Start of Block

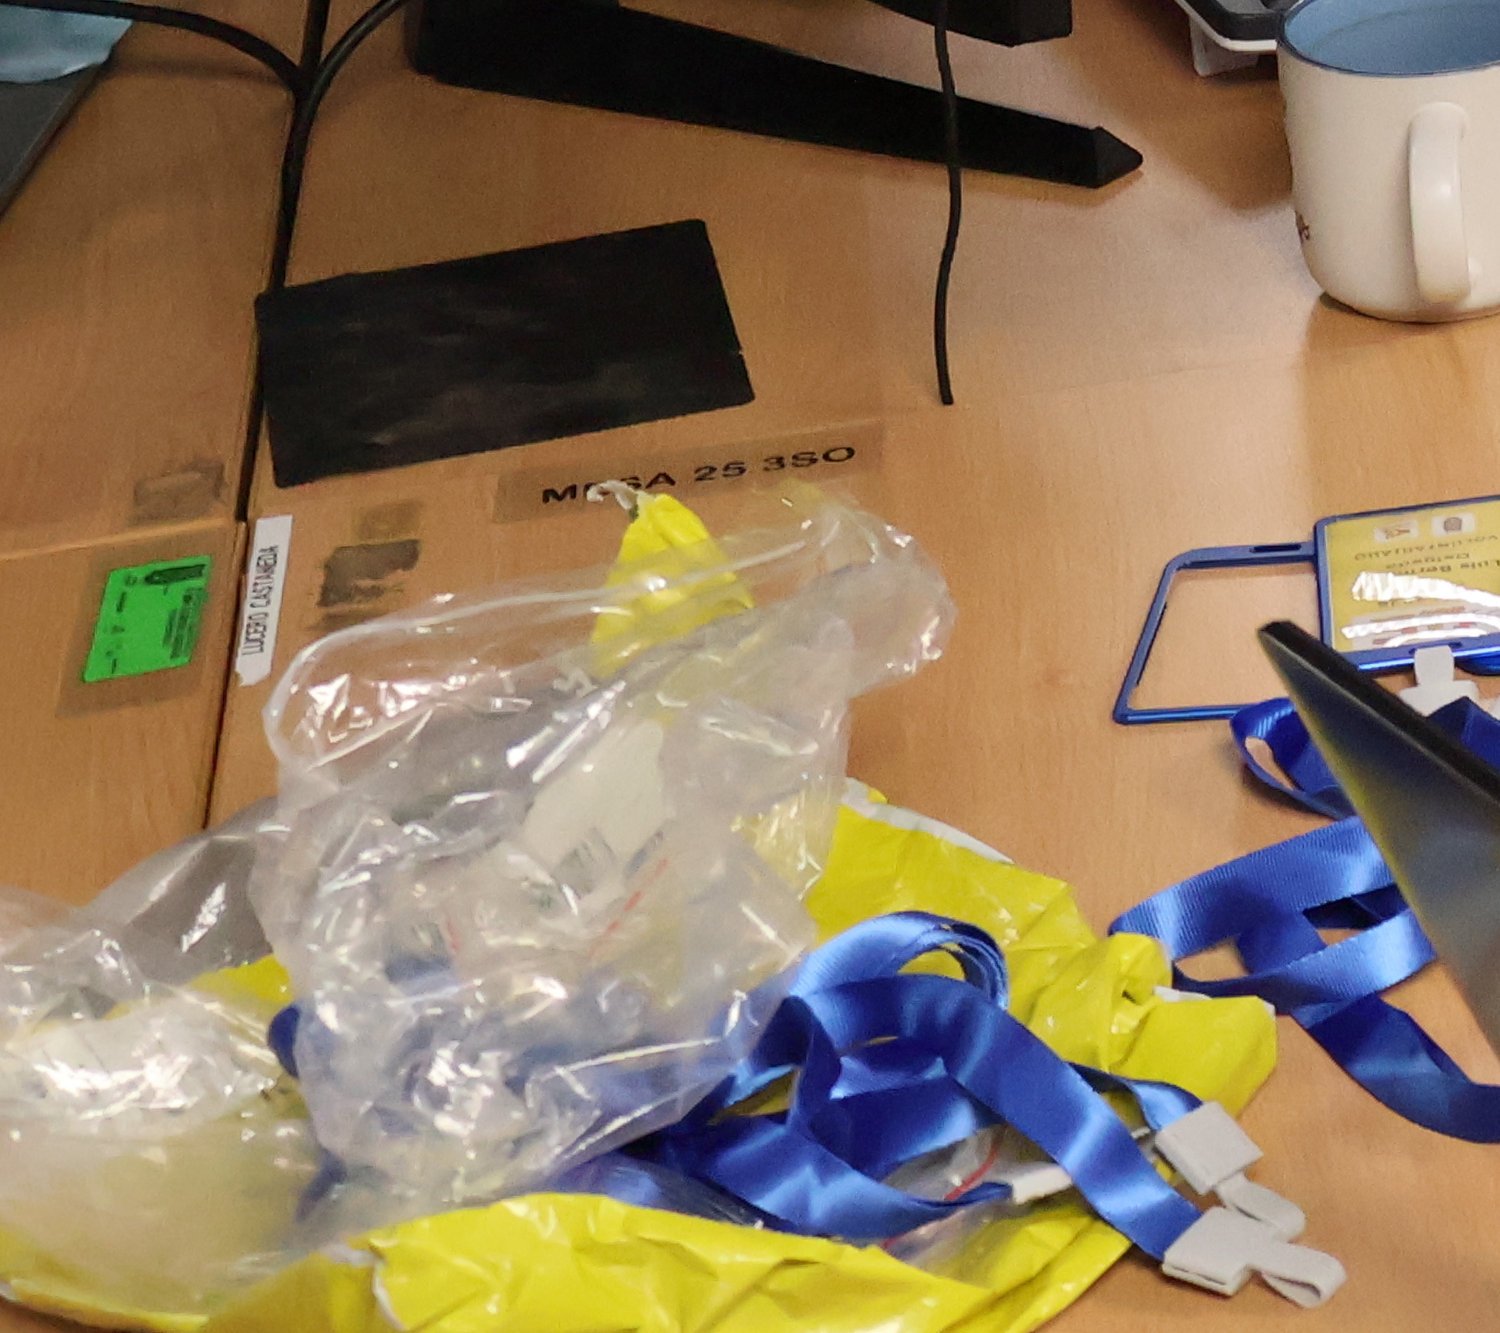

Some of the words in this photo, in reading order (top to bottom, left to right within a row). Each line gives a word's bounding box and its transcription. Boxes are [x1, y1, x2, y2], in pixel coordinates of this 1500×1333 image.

[542, 471, 676, 504] MSA
[694, 461, 748, 483] 25
[1460, 559, 1500, 570] Luis
[241, 612, 269, 656] LUCERO
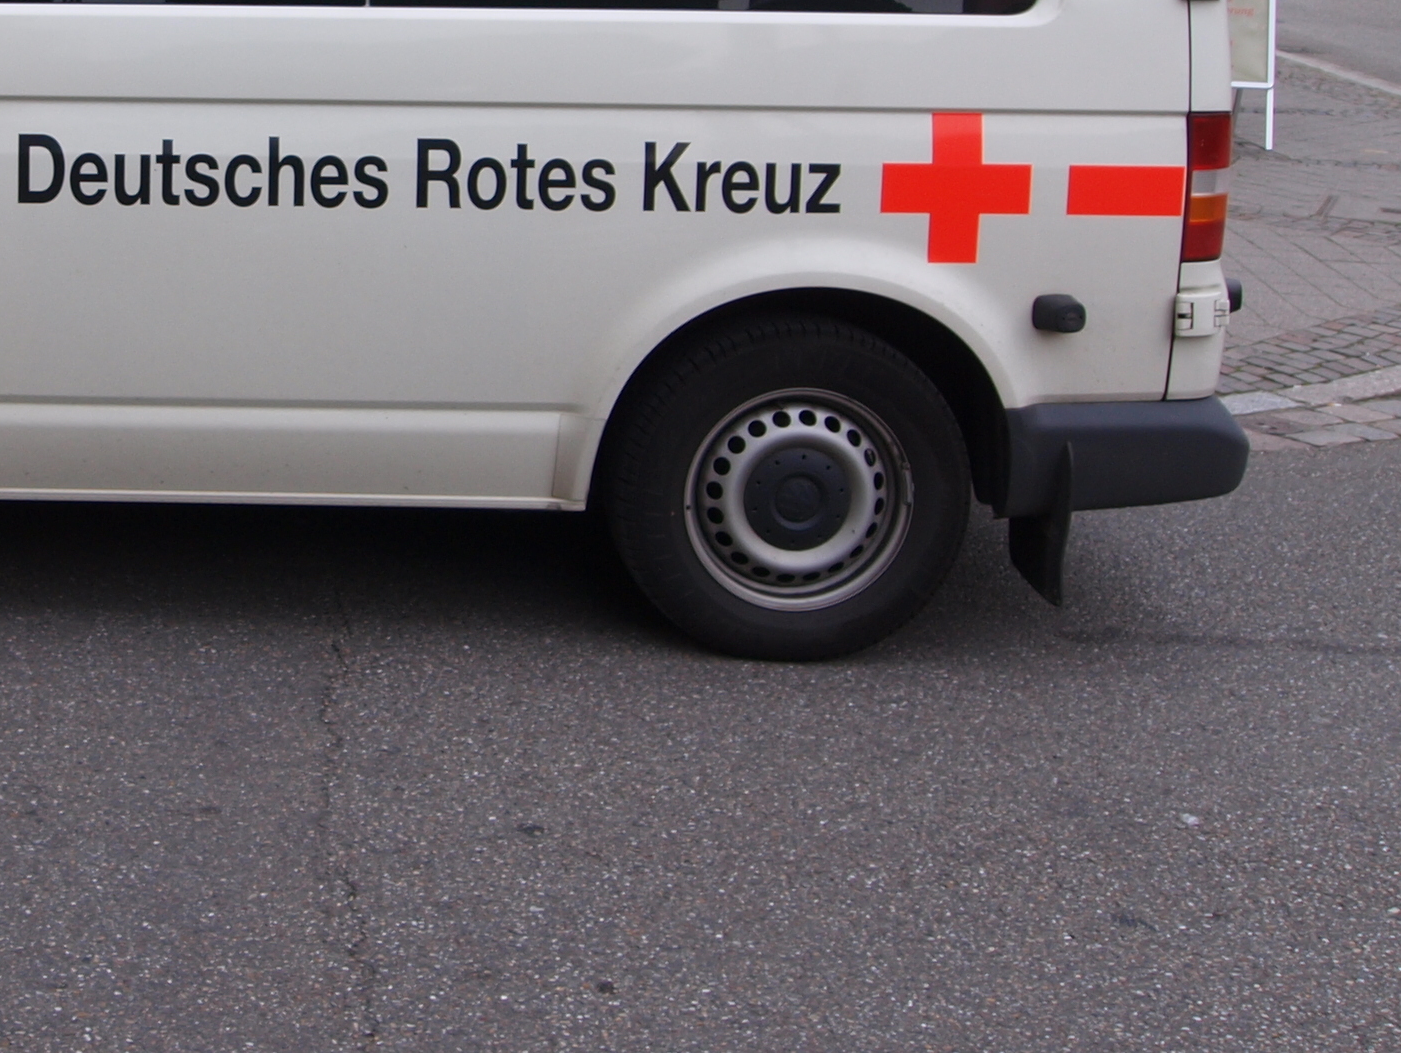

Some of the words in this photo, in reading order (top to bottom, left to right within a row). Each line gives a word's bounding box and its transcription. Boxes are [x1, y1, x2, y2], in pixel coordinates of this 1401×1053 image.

[17, 133, 389, 208] Deutsches
[415, 138, 616, 211] Rotes
[643, 141, 841, 215] Kreuz
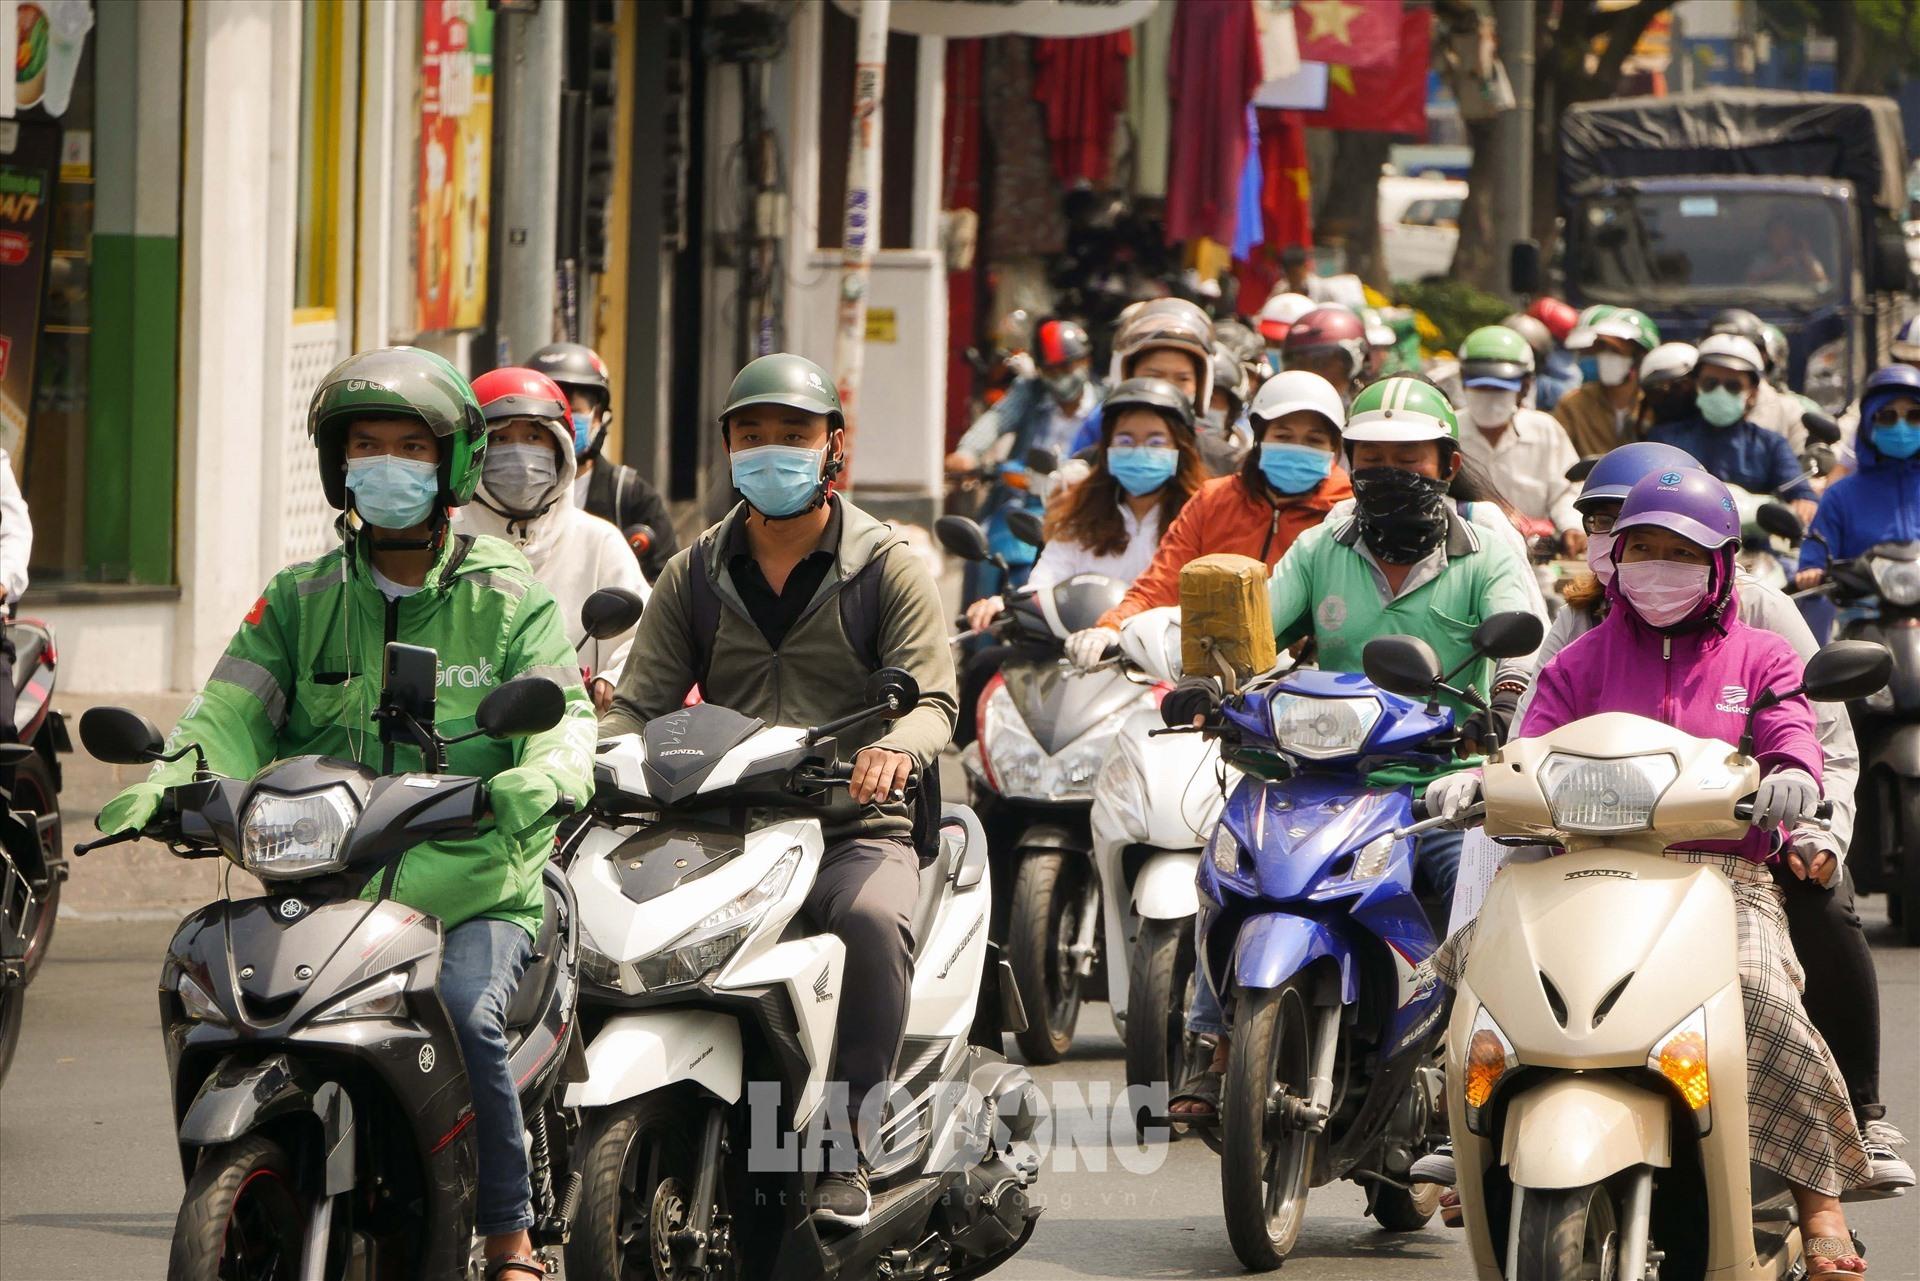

End of Block

PROBLEM TO WORK ON:
Transcribe nothing but the lines from the one containing "this 1401×1053 image." through the final line of the records, exactly as written and without pictures.

ANSWER SECTION:
Some of the words in this photo, in reading order (top to bottom, left to right within a row). Each line gives a word's bounding box and its transcription. Boxes are [x1, y1, x2, y2], in pixel coordinates of this 1401×1053 image.

[17, 133, 389, 208] Deutsches
[415, 138, 616, 211] Rotes
[643, 141, 841, 215] Kreuz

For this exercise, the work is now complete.